Could you write out, word for word, each line from the one containing "this 1440×1925 image." to the last line of the data below, both included and nothing more?

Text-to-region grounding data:
—————
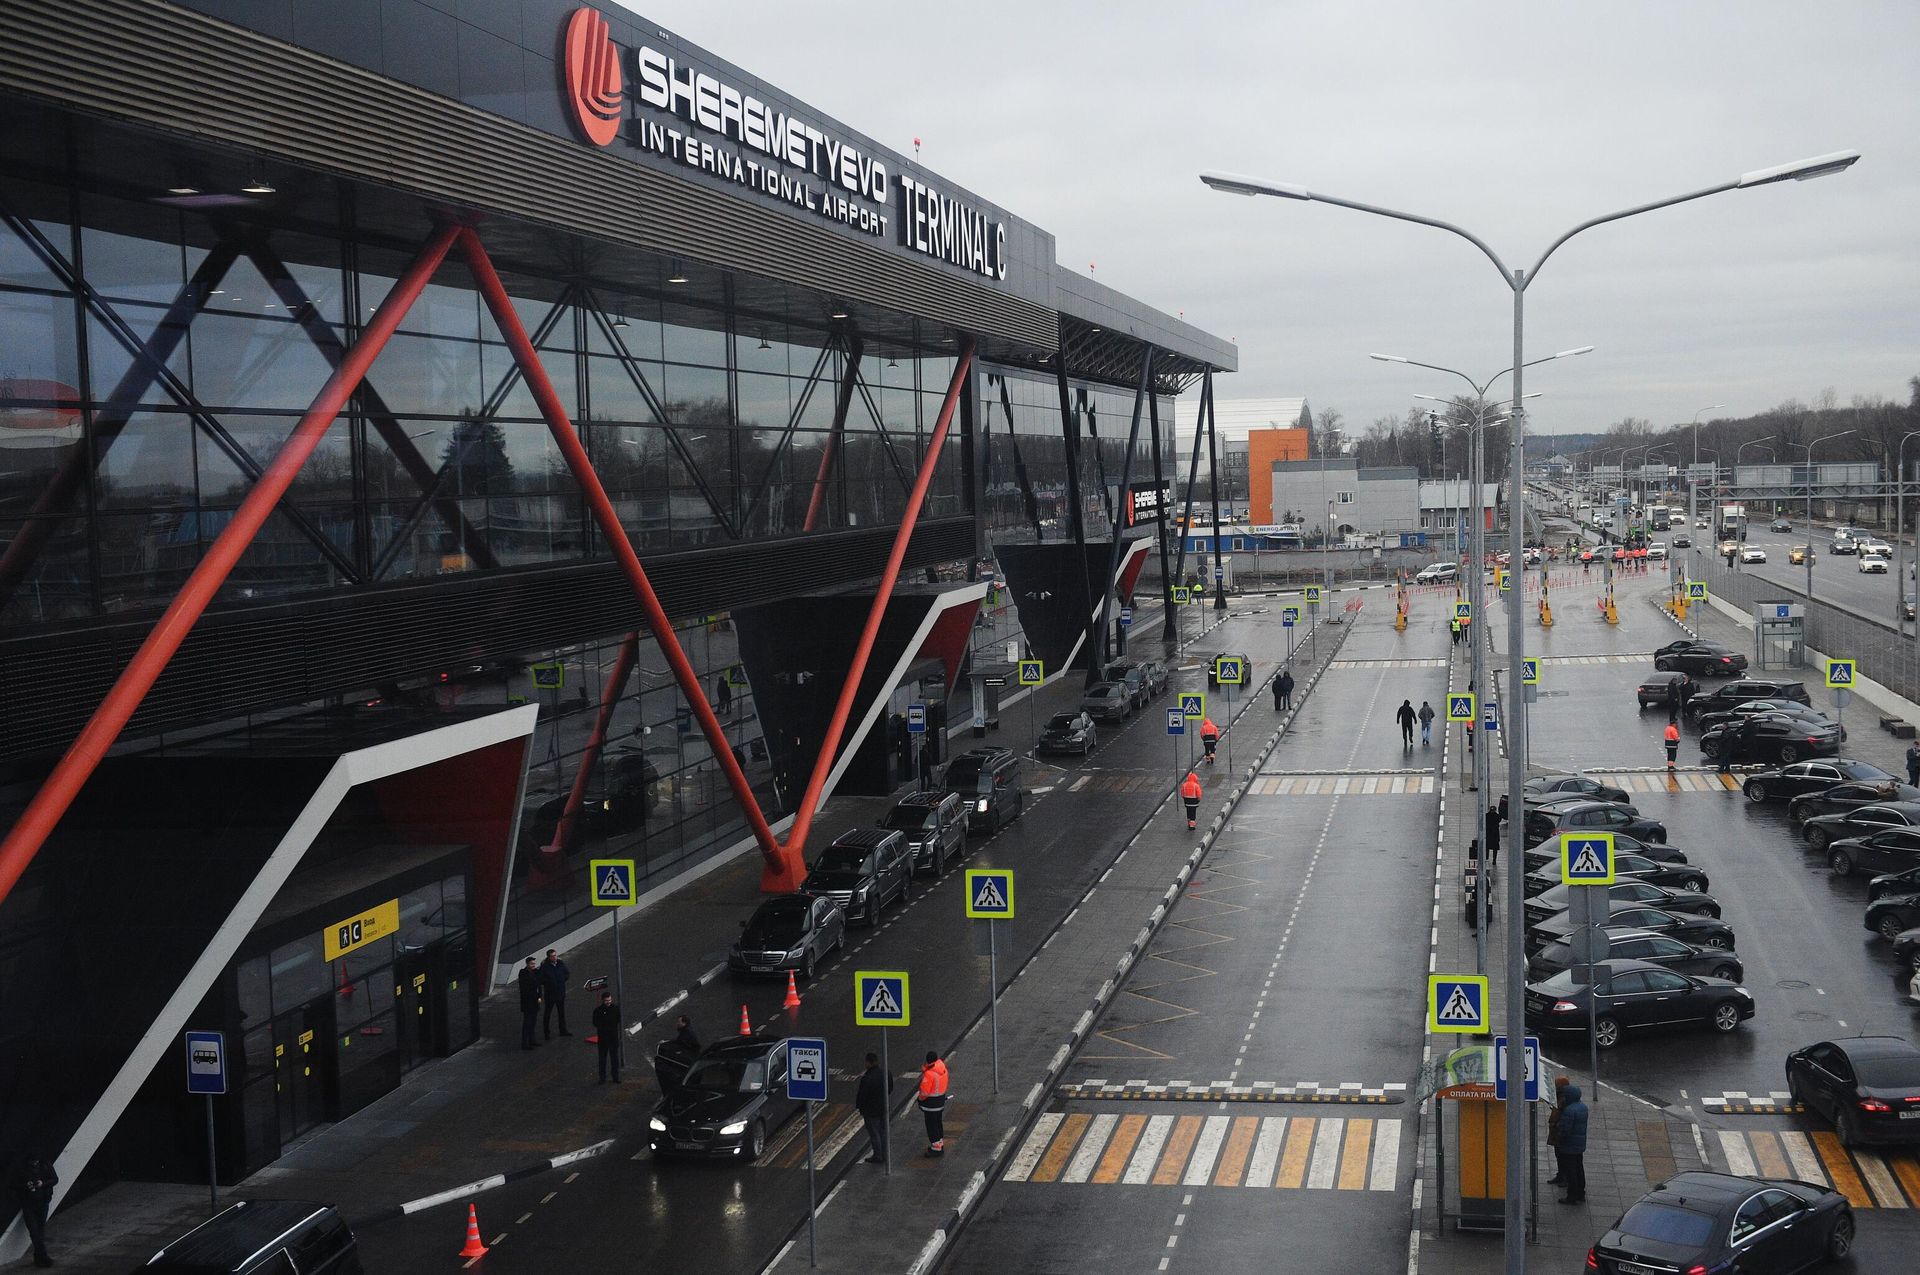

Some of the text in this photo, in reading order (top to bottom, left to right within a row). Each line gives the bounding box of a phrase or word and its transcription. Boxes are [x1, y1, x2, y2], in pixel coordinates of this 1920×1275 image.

[638, 46, 887, 203] SHEREMETYEVO
[641, 118, 888, 237] INTERNATIONAL AIRPORT
[901, 175, 1007, 281] TERMINAL C
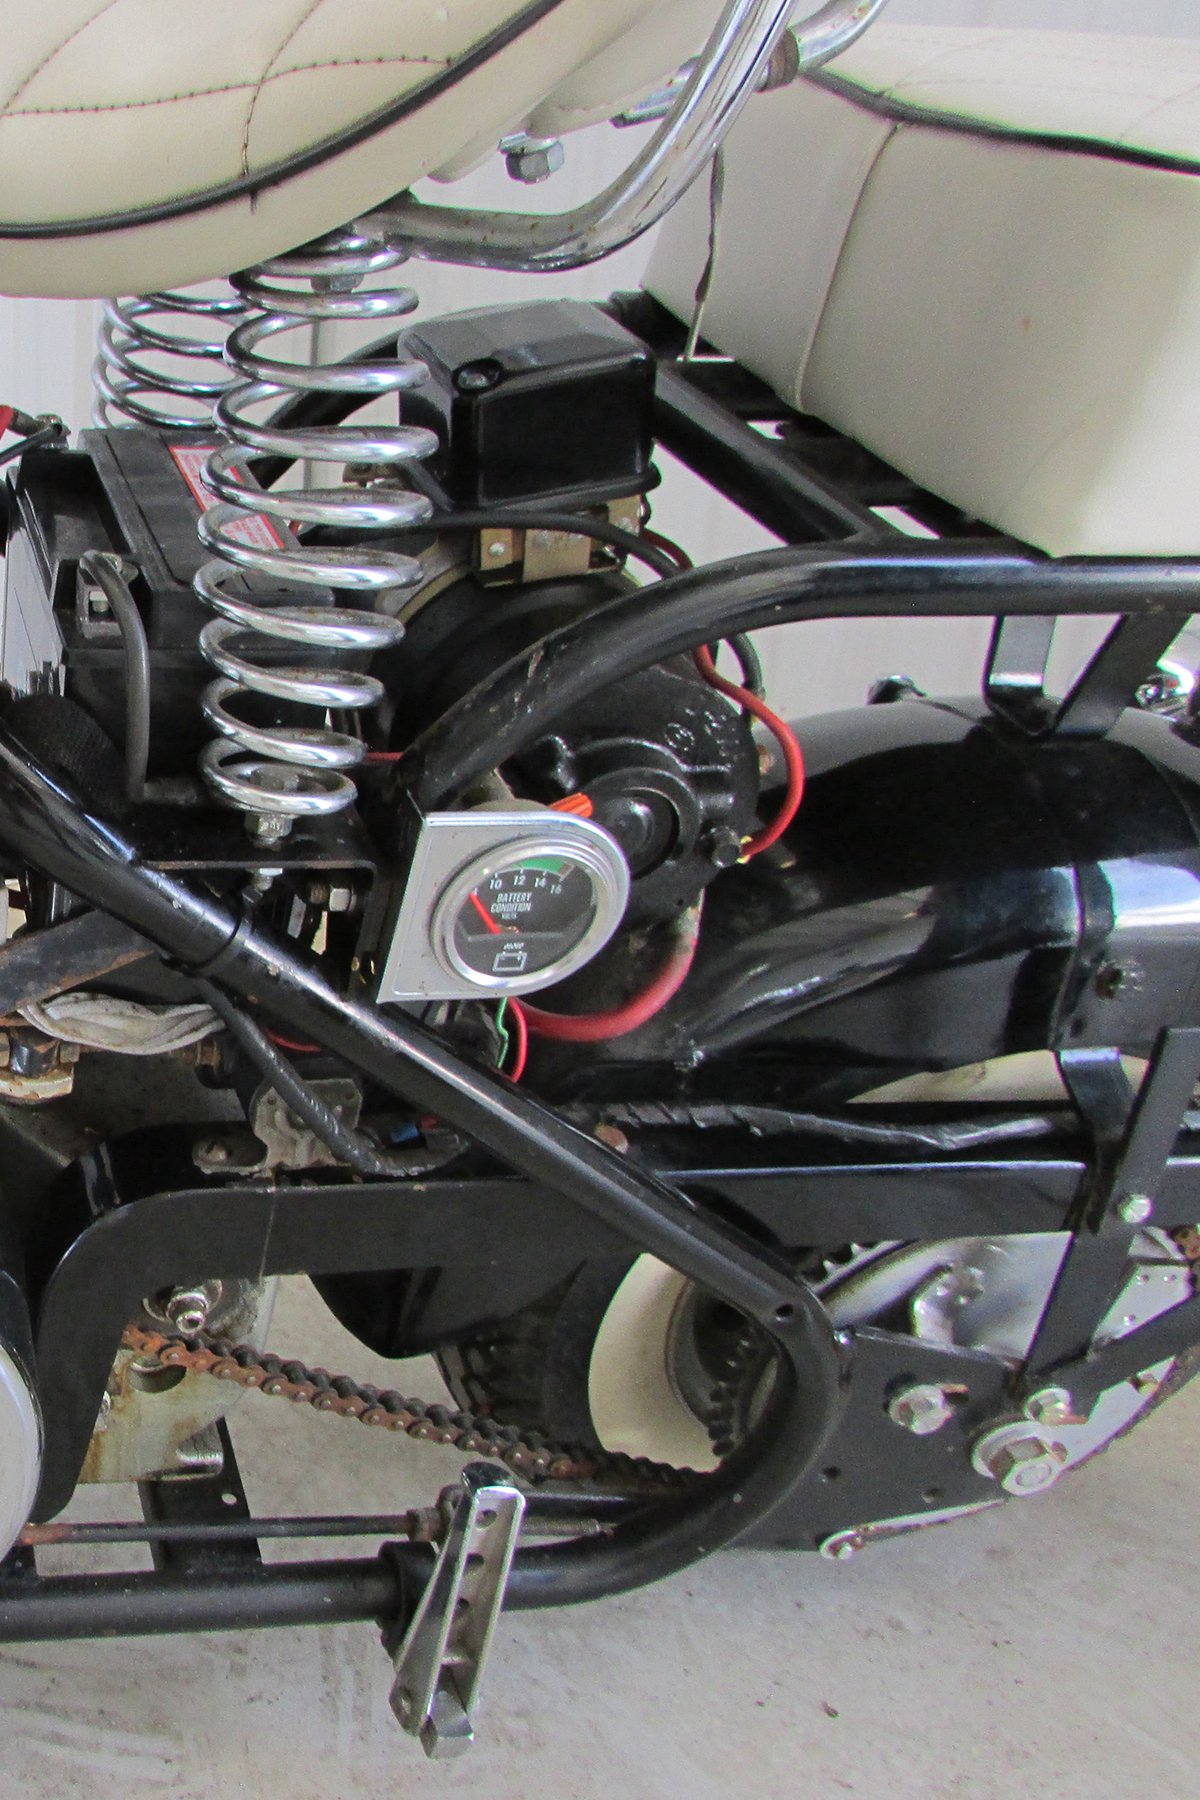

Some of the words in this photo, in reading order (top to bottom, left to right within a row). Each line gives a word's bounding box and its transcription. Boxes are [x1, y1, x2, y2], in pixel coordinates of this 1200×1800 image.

[489, 878, 502, 890] 10
[513, 875, 526, 886] 12
[534, 877, 547, 888] 14
[550, 884, 562, 895] 16
[496, 892, 533, 903] BATTERY
[490, 902, 532, 913] CONDITION
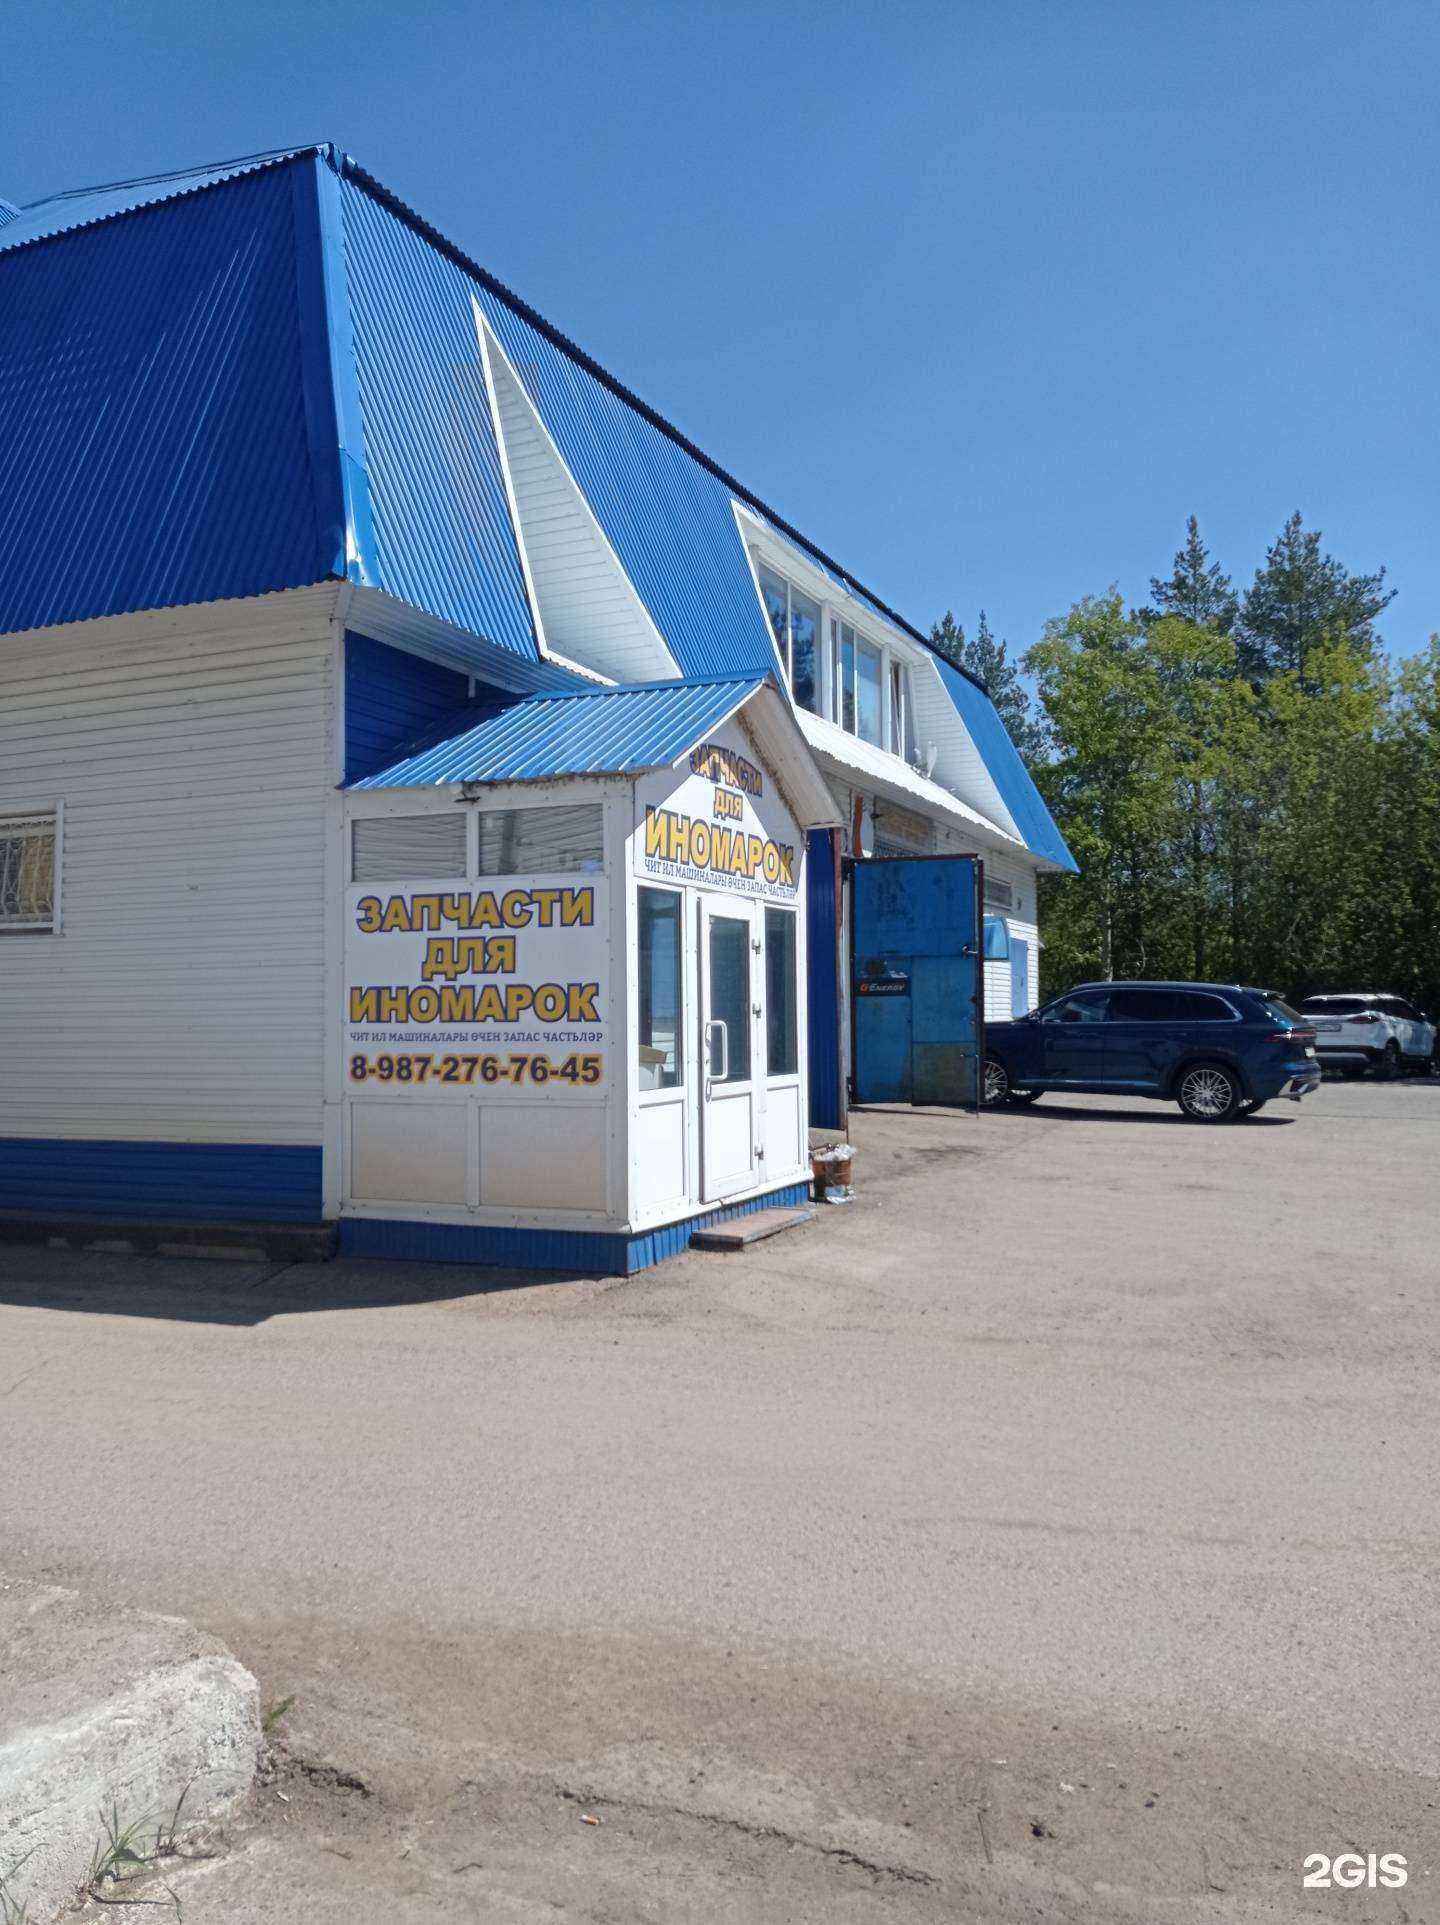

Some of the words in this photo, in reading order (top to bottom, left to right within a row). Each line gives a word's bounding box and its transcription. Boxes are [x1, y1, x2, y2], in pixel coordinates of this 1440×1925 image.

[689, 743, 763, 798] ЗАПЧАСТИ
[713, 786, 744, 822] ДЛЯ
[645, 804, 794, 887] ИНОМАРОК
[675, 865, 727, 887] МАШИНАЛАРЫ
[747, 880, 768, 895] ЗАПАС
[356, 887, 594, 932] ЗАПЧАСТИ
[421, 935, 516, 981] ДЛЯ
[350, 982, 601, 1023] ИНОМАРОК
[350, 1032, 370, 1042] ЧИТ
[371, 1032, 387, 1042] ИЛ
[388, 1032, 469, 1042] МАШИНАЛАРЫ
[471, 1032, 500, 1042] ӨЧЕН
[503, 1032, 540, 1042] ЗАПАС
[350, 1054, 602, 1084] 8-987-276-76-45
—————
### SOLVED PROBLEM
Some of the words in this photo, in reading order (top to bottom, left to right within a row). Each line gives a word's bounding box and its transcription. Boxes are [x1, y1, x2, y2], in pixel coordinates of this 1440×1925 image.

[689, 743, 763, 798] ЗАПЧАСТИ
[713, 786, 744, 822] ДЛЯ
[645, 804, 794, 887] ИНОМАРОК
[675, 865, 727, 887] МАШИНАЛАРЫ
[747, 880, 768, 895] ЗАПАС
[356, 887, 594, 932] ЗАПЧАСТИ
[421, 935, 516, 981] ДЛЯ
[350, 982, 601, 1023] ИНОМАРОК
[350, 1032, 370, 1042] ЧИТ
[371, 1032, 387, 1042] ИЛ
[388, 1032, 469, 1042] МАШИНАЛАРЫ
[471, 1032, 500, 1042] ӨЧЕН
[503, 1032, 540, 1042] ЗАПАС
[350, 1054, 602, 1084] 8-987-276-76-45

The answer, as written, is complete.